Io do del tu a Carlo Cracco
Io do del tu a Carlo Cracco. Non che questo significhi che abbiamo una lunga consuetudine, o una recente amicizia, o una episodica frequentazione – solo una certa contiguità (un paio di metri) alla presentazione del suo ultimo libro, A qualcuno piace Cracco. Ovvero – sono stato invitato alla presentazione alla blogosfera del volume di cui sopra, edito da Rizzoli, nel ristorante Cracco; preso posto in un angolo, ben laterale, mi sono imprevedibilmente ritrovato a un paio di metri dal suddetto Carlo Cracco. E altrettanto imprevedibilmente Barbara Sgarzi ha pensato bene di invitarmi a porre la prima domanda al sunnominato – adducendo come motivazione della sua scelta non tanto la casualità che spesso governa i nostri destini, quanto proprio il fatto che essendo io sovradimensionato rispetto alla norma delle foodblogger (maggioranza femmine, ovvio: le quote azzurre consistevano in 4-di-numero), non riusciva a vedere gli altri intervenuti…
E io, colto alla sprovvista, cosciente peraltro del fatto che una buona parte dei convenuti poteva essermi figlia, qualcuno forse nipote, e Cracco tutti sommato un fratello minore, ho usato il mio “tu” paternalistico-giovanilistico, improvvisando una domanda che mi ero lungamente studiato nelle ultime settimane, di rara profondità e introspezione – farfugliando qualcosa tipo “ma chi te li fa questi bei titoli?”.
Io do del tu a Carlo Cracco – ecco.
Che poi, questo titolo – A qualcuno piace Cracco – come già Se vuoi fare il figo, usa lo scalogno – è davvero riuscito, col suo giochino che te lo fa già suonare familiare. “La cucina regionale come piace a me” – il sottotitolo spiega subito di cosa si tratta: un viaggio personale nella cucina italiana, spiegata e raccontata e annotata e leggermente interpretata. Sul “leggermente” è ammesso un vago scetticismo – un’aggiunta di foie gras alle orecchiette con cima di rapa non è esattamente concettualmente “leggera”, e ha perplesso non poco i foodblogger pugliesi presenti (che – non lo sanno ancora – mi inviteranno ai loro esperimenti cracchiani): ma ho dato una rapida scorsa al volume (ho – abbiamo – la mia copia in anteprima, il resto del mondo lo leggerà solo domani…), e tutte le interpretazioni non prescindono dalla ricetta originaria.
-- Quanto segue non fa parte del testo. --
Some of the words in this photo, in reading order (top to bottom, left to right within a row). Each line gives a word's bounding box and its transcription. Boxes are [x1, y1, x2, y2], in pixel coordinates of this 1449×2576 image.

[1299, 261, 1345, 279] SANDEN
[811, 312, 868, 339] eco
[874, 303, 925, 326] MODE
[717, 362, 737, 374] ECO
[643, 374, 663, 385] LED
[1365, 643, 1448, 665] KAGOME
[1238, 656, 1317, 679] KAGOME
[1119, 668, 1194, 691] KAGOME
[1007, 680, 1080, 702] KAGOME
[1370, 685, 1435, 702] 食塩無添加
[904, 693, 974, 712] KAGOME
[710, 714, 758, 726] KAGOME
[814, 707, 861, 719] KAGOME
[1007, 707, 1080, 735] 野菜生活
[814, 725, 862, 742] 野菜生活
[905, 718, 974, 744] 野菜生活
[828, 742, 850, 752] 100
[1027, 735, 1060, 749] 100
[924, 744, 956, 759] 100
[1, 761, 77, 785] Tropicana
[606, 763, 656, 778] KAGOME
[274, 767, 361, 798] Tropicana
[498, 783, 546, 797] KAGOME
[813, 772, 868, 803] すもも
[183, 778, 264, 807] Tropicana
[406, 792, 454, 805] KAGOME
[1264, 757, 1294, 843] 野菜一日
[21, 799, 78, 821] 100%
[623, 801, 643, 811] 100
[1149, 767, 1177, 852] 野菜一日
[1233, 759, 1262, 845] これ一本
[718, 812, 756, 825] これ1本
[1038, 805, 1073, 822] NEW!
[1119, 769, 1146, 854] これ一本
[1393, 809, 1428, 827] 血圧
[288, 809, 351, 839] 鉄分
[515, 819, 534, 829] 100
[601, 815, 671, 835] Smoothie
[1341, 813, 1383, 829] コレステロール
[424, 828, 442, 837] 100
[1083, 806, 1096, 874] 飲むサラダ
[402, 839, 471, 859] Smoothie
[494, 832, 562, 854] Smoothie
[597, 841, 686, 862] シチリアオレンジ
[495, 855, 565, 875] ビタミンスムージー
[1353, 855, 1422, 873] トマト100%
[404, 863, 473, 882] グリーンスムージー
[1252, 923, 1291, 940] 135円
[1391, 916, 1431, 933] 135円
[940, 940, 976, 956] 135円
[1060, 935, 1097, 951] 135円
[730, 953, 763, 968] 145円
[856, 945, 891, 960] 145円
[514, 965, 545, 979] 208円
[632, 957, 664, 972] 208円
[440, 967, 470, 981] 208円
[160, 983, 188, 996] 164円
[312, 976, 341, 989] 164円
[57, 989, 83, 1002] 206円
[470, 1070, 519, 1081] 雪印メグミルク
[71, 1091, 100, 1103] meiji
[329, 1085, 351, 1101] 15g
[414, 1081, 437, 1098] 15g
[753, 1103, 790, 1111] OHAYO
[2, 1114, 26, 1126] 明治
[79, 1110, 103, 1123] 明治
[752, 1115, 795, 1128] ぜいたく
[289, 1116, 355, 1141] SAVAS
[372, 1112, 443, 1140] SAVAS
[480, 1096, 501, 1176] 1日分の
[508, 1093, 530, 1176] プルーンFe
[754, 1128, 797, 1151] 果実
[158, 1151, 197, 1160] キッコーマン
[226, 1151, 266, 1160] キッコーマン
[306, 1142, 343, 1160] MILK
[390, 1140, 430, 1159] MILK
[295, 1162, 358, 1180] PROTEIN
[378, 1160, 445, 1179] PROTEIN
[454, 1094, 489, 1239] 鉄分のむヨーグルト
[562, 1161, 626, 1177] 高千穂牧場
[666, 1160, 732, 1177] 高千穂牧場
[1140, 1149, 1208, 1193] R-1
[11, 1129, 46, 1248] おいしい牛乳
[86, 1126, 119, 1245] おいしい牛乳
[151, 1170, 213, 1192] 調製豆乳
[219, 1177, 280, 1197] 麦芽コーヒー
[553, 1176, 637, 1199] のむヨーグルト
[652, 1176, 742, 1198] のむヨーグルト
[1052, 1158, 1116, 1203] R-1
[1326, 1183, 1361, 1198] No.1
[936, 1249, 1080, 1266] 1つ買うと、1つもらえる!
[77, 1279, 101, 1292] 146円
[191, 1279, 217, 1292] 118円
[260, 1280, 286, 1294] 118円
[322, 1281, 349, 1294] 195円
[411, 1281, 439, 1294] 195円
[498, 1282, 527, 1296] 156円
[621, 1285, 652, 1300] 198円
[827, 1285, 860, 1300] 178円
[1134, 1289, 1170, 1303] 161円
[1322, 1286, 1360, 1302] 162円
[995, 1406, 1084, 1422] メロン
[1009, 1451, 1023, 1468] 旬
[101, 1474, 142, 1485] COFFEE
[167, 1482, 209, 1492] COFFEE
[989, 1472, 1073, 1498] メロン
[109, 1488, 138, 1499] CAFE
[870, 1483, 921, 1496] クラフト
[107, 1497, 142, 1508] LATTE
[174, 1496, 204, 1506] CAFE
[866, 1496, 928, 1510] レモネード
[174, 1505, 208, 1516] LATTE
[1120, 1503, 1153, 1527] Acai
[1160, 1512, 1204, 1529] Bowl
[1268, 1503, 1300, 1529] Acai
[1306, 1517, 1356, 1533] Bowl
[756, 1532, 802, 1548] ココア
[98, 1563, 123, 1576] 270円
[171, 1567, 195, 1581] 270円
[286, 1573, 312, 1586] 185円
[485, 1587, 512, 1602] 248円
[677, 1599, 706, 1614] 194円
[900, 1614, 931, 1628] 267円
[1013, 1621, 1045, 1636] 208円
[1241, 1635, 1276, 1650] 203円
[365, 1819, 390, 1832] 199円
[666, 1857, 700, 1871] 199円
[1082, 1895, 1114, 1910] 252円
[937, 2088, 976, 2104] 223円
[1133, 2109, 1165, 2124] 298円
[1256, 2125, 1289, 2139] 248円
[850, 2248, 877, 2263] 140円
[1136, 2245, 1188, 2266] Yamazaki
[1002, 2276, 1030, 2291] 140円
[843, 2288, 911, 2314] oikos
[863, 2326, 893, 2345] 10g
Le ricette sono spiegate e contestualizzate – molto bene, devo dire: estremamente chiaro e lineare, Cracco (anzi Carlo, visto che gli dò del tu…) spiega sia come pulire i ricci di mare (con le forbicine da bonsai togliere la calotta…) sia la differenza tra animelle di cuore, più pregiate, e di gola, racconta le origini della finanziera come quelle della zuppa coada, suggerisce varianti e aggiunte ragionate e ragionevoli – porta il suo tocco personale (a me piace, io preferisco, secondo me…) in una materia di peraltro impossibile codificazione quale la cucina regionale, che – lo dice anche nella prefazione – probabilmente non esiste: è più una cucina di territorio, di località, di paese, è stato detto da qualcuno, a volte, addirittura di condominio. Di città: ma di una ricetta come la Torta delle quattro città sono appunto quattro le città a contendersene la paternità, Verona Vicenza Mantova e Modena: e peraltro mia nonna, nel piacentino-parmense, mi faceva una torta abbastanza simile, ricoperta di una pasta tipo tagliolini sottilissimi, croccanti, che ricordo ancora dopo tanti anni (agli interessati: le ricette di mia nonna erano del tipo prendi la farina e ci metti le uova e lo zucchero – quanto, nonna? – così non vedi? – ma se riuscirò mai a recuperarle…). Ricetta interessante, raccontata a Cracco da Iginio Massari, maestro della pasticceria (solo raccontata: e Cracco col suo pasticciere Luca si sono messi lì a reinventarsela, ottenendo risultati scarsi, grumi di tagliatelle appiattiti sulla torta – mi sa che hanno provato anche a metterci su un risotto… – fino ad arrivare al risultato pubblicato a p. 108, con foto a p. 109: bello a vedersi, anzitutto, ma visto che ha suscitato molto interesse fra le (e i 4) foodblogger presenti, mi aspetto si saranno già dedicate a sperimentarne la preparazione – e io sono qui, tester e taster assolutamente disinteressato.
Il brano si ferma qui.